Iceland is one of the great failed states of modern times, so completely wrecked that they may now have the opportunity to do something truly amazing.
Having allowed duplicitous foreign bankers and their own foolish greed destroy the financial and psychological standing of the nation, Iceland is the very definition of rock-bottom. This was the first country to lose its government to the financial crisis of 2008 as all the large banks failed relatively quickly. Trading in the local currency was halted and bank accounts were frozen, the Icelandic stock market dropped 90%.
When the autopsy was performed, it turned out that Iceland held €50 billion in debt (80% of which was at the banks) versus an annual GDP of €8 billion and their government had permitted it.
Their situation stands in great contrast to that of their neighbor Norway, a country where oil wealth is saved and distributed rationally and debt is a dirty word. If this were 800 years ago, the better-off Norwegians would be sailing longships toward Iceland with conquest on their minds and herring on their breath.
But Iceland does have some things going for it, including some of the most gorgeous women in the world:
But more importantly (maybe), they’ve also got the will to try democracy in its purest sense – a crowdsourced constitution…
From GOOD Magazine:
In the wake of the devastating collapse of Iceland’s commercial banks, the country is drawing up a new constitution, and it’s doing things a little differently: It’s crowdsourcing the process. For real.

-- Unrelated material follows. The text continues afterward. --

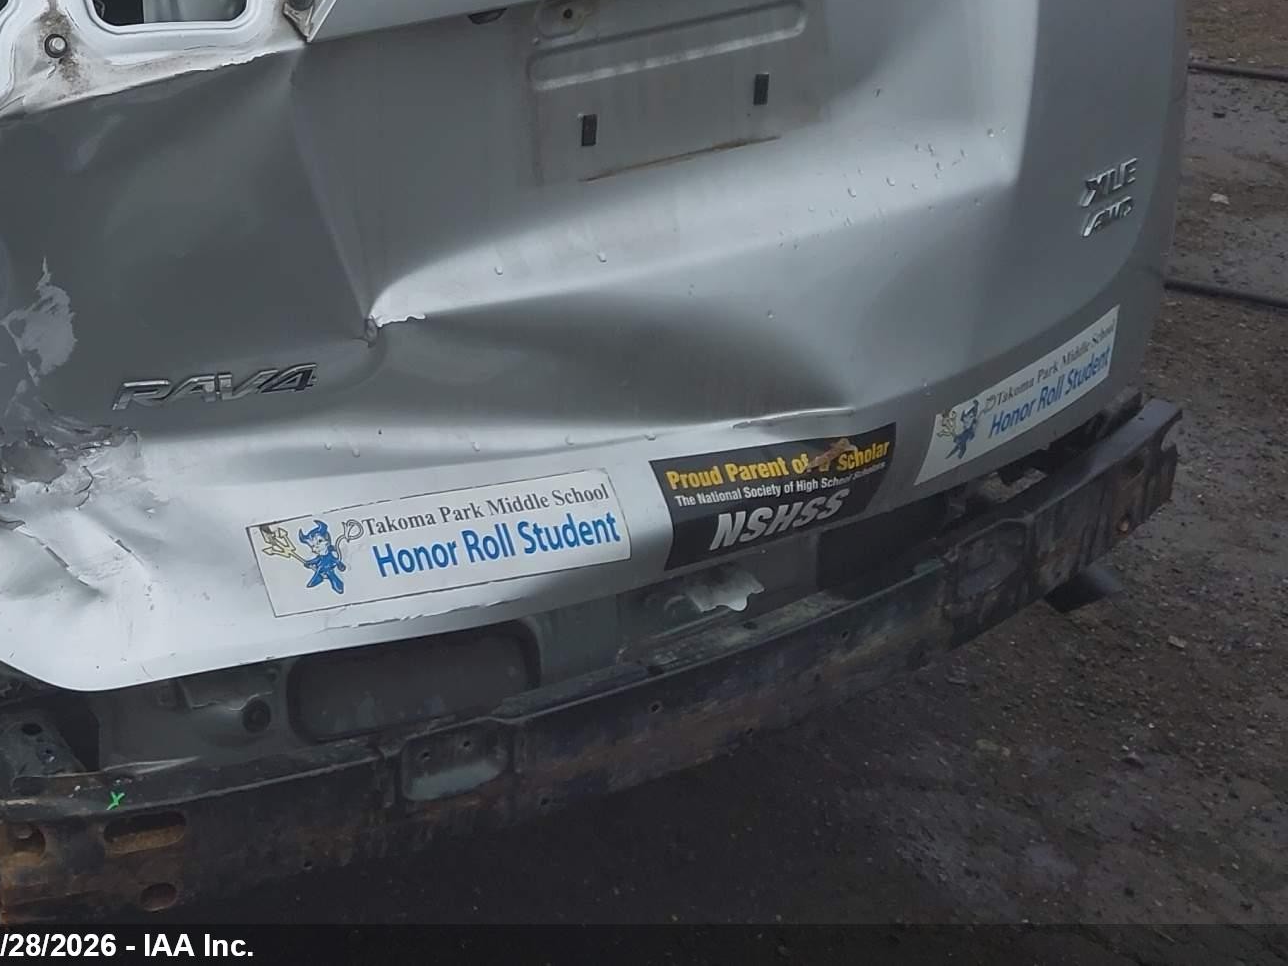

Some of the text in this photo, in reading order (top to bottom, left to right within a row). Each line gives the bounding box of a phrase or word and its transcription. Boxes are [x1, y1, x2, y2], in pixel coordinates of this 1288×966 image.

The country’s 25-member constituional council is posting draft clauses on its website and inviting the public to comment on them there or on its Facebook page. And their comments are actually being incorporated into the document. The council also has Twitter, YouTube, and Flickr accounts and is streaming all of its meetings live. It’s perhaps the most open and participatory constitutional process in modern history (the Greeks were pretty good at democracy in their time).
Now this is a very interesting experiment and one that would be impractical for most other nations. Why is Iceland uniquely suited for such an endeavor?
For one, Iceland’s population is just barely tipping the scales at 320,000 – they can hold a vote in an open air forum by a show of hands like the island castaways from Lost. It’s also worth noting that the Icelandic population is astoundingly homogenous, 80 percent of the DNA is from the same Nordic strain while the other 20 percent is Celtic from the British Isles. 84% of Icelanders are members of either the State Church or the Lutheran church. 60% of the country’s population lives in the greater Reykjavik area.
So to call this popluace “tight-knit” would be an understatement.
If anyone can pull off a truly crowdsourced set of governing principles, it’s Iceland. The rest of the world now watches to see how it develops.